### WHAT IS BEING ASKED:
Print the full set of records below, character for character and picture-free.

### RECORDS FOR THIS EXERCISE:
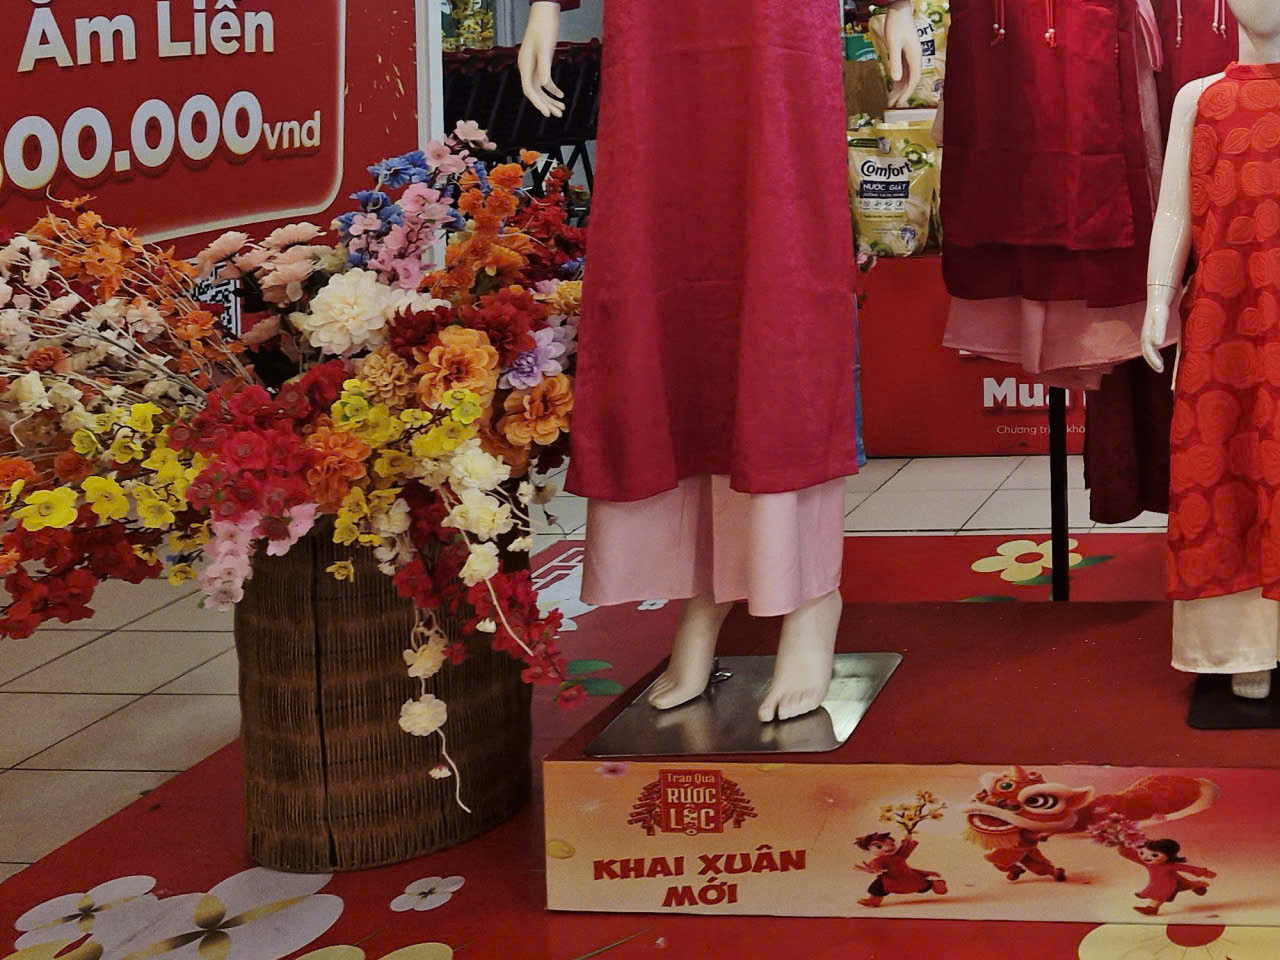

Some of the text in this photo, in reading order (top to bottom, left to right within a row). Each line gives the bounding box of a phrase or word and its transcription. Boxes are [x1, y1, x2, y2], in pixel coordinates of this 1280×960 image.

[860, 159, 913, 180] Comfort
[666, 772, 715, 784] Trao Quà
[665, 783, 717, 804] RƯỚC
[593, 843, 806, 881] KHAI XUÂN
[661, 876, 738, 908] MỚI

### TASK RESULT:
Some of the text in this photo, in reading order (top to bottom, left to right within a row). Each line gives the bounding box of a phrase or word and its transcription. Boxes are [x1, y1, x2, y2], in pixel coordinates of this 1280×960 image.

[860, 159, 913, 180] Comfort
[666, 772, 715, 784] Trao Quà
[665, 783, 717, 804] RƯỚC
[593, 843, 806, 881] KHAI XUÂN
[661, 876, 738, 908] MỚI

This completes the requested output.